四美神
小さな存在の精一杯の言葉に、女神達の雰囲気が和らぐ。
「よく来た、小さき者よ。名は何という?」
「フェレスでございます」
「フェレス。大変であったな。どこぞの竜が人を近づけぬ結界を張っておったゆえ、山への道を探すだけでも苦労であっただろう」
「いいえ、いいえ」
「いいや。間違いなく大仕事であったよ。見ておったぞ、フェレス」
その言葉にフェレスは思わず顔を上げた。
「何か言いたい事があるのであろう? 言ってみるがよい」
見ていたのであれば。
なぜ。
慈悲を。
復讐は。
たすけて。
憎い。
様々な言葉がフェレスの内で暴れる。
それを見越したように女神が言った。
「わたくしの季節を、そしてわたくしに感謝を捧げるという場であなたの主人が貶められ、辱められたことは知っています。罪を捏造され、殺されたことも」
「では!」
あまりに無礼な言葉を吐き出しかけて、フェレスは口を閉じる。
彼女のその様子に、女神達は憐れみを感じた。
「どうしたいかしら。仇を討ちたい? 名誉を回復したい? それとも……」
そこで春の女神は姉妹達を見やる。みな微笑んでうなずいた。
「あなたが望むなら、時間を巻き戻すこともできるわ」
フェレスは再び勢いよく顔を上げる。
四季の女神が全員、笑みを浮かべてフェレスを見つめていた。
「できますよ、フェレス。あなたが望むなら」
「お願い……お願いします! 時間を巻き戻してください! あの事件が起きる前に! どうか、どうか!」
「ええ、ええ。もちろんです。ただね、フェレス。わたくし達は神と言っても人の世との関わりは制限されているの。時間を巻き戻すために必要なことはあなた自身がしなければならないし、巻き戻したあとも同じ事にならないよう、あなたが力を尽くさなければならないのよ」
「やります。どんな事でも、なんでもやります! ですからどうか、どうかお嬢様や旦那様、皆様を、わたしの家族をお救いください!」
フェレスの言葉に女神は笑った。にっこりと。
「ええ、フェレス。いい子ですね。さあではこちらへいらっしゃい、わたくし達のそばへ」
フェレスが立ち上がり女神達のそばに近寄ると、春の女神はフェレスの手をそっと取り握りしめた。

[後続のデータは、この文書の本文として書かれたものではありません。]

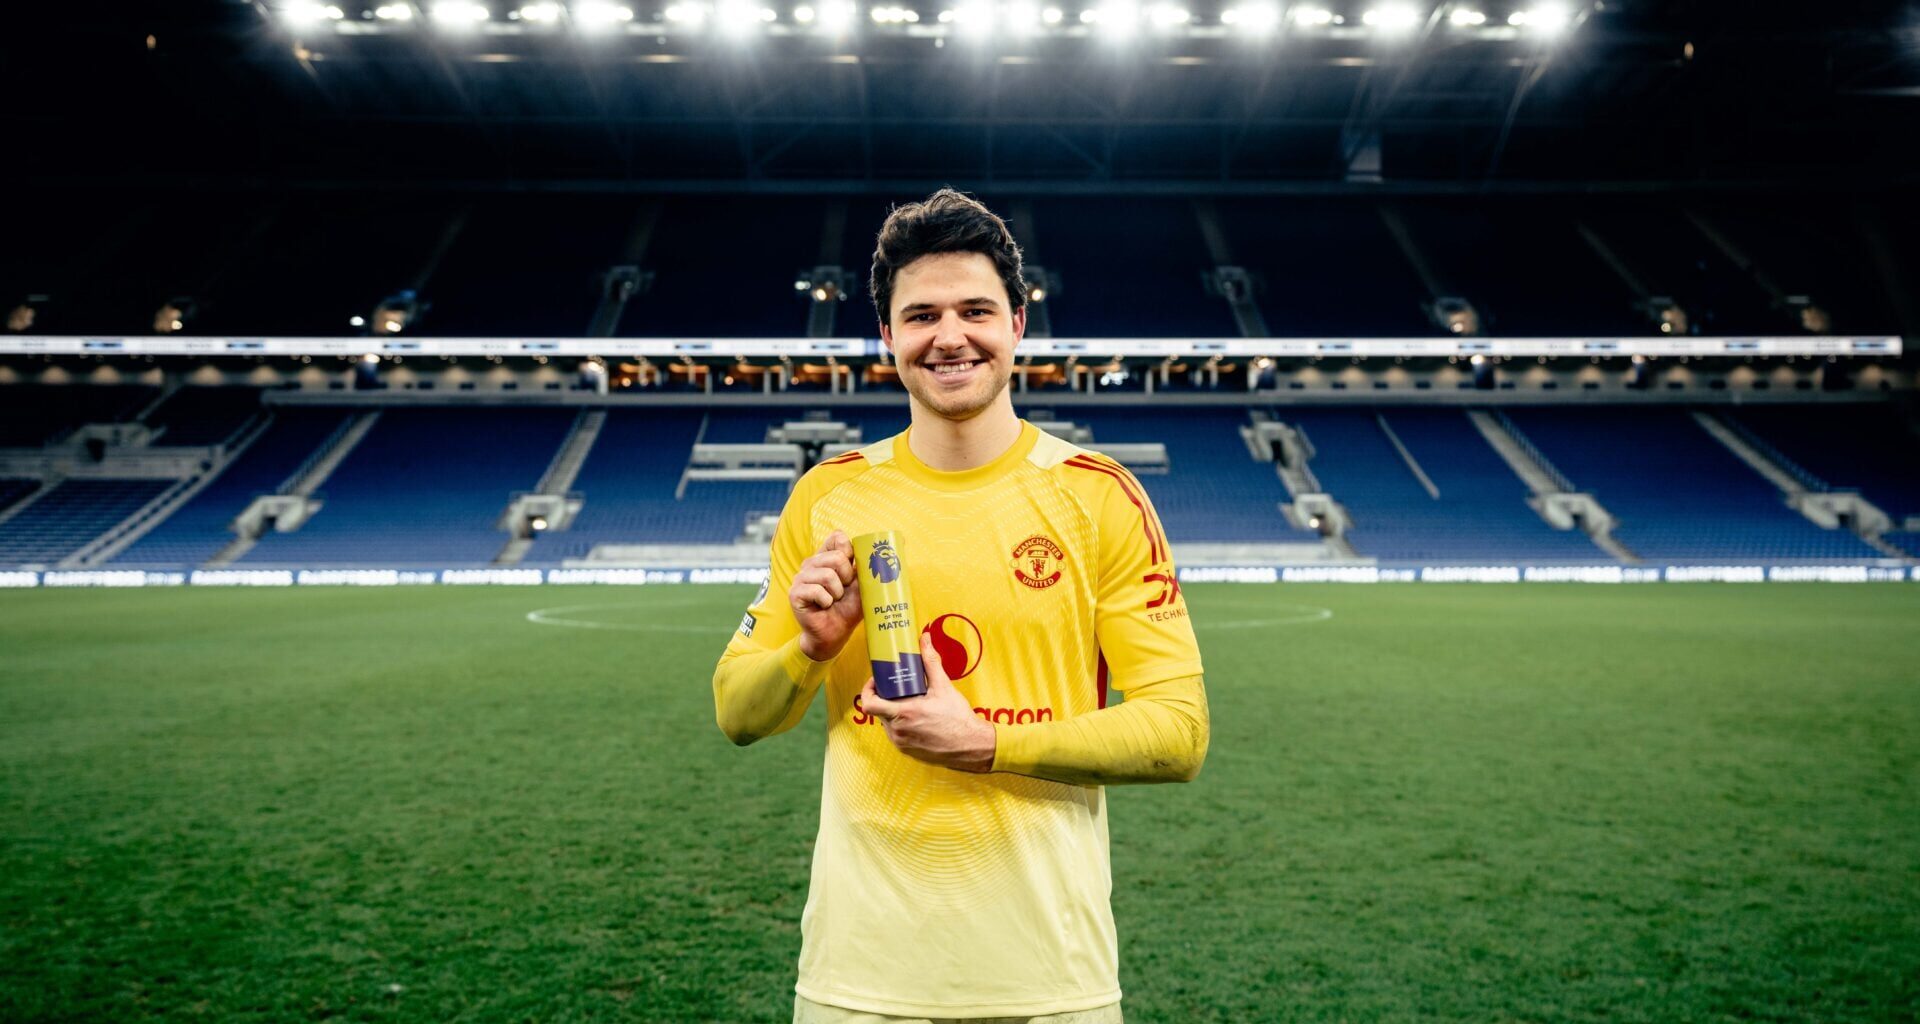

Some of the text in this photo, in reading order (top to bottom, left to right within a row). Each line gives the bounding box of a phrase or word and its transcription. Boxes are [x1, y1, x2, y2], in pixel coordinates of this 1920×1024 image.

[1015, 538, 1061, 558] MANCHESTER
[1022, 576, 1054, 587] UNITED
[1143, 569, 1181, 609] DX
[874, 602, 909, 614] PLAYER
[878, 619, 910, 631] MATCH

「あの山へはね、普通の人間は近づけなかったのですよ」
秋の女神が小さく笑って、いたずらっぽくザフィリカルスを見る。
「どこかの竜のせいでね」
ザフィリカルスが心外だ、とわずかに顔をゆがめると、秋の女神はくすくす笑った。
「近づけるのは次へと進化を始めた者だけです。人である事をやめ、世界に覚悟と責任を持つ準備ができた者だけ」
「そなたは人の殻を脱ぎ捨てる準備ができておる。巻き戻しをするには人を捨てねばならん。全てがうまく行ったとして、そなたの愛する者たちとはもう一緒には暮らせぬが、それでも良いか?」
女神達が静かにフェレスを見ていた。
フェレスは唇をかたく引き結び、しっかりとうなずいた。
女神達は嬉しそうに互いを見交わす。
そしてフェレスに祝福を授けた。
「フェレス、おまえに輝きを」
「フェレス、あなたに果物を」
「フェレス、そなたに音楽を」
「フェレス、あなたに優しい水を」
光が集まってフェレスの体の中に入っていく。
それはぐるぐると螺旋を描くように体内を巡って、そしてフェレスと一体となった。
光が収まるとフェレスの髪が複雑に結われ、まとめられて、真珠の下がった細い銀の鎖がまるで守るように飾られた。
フェレスはこの日、人の肉体を脱ぎ捨て、地上の神の末席を生きるものとなった。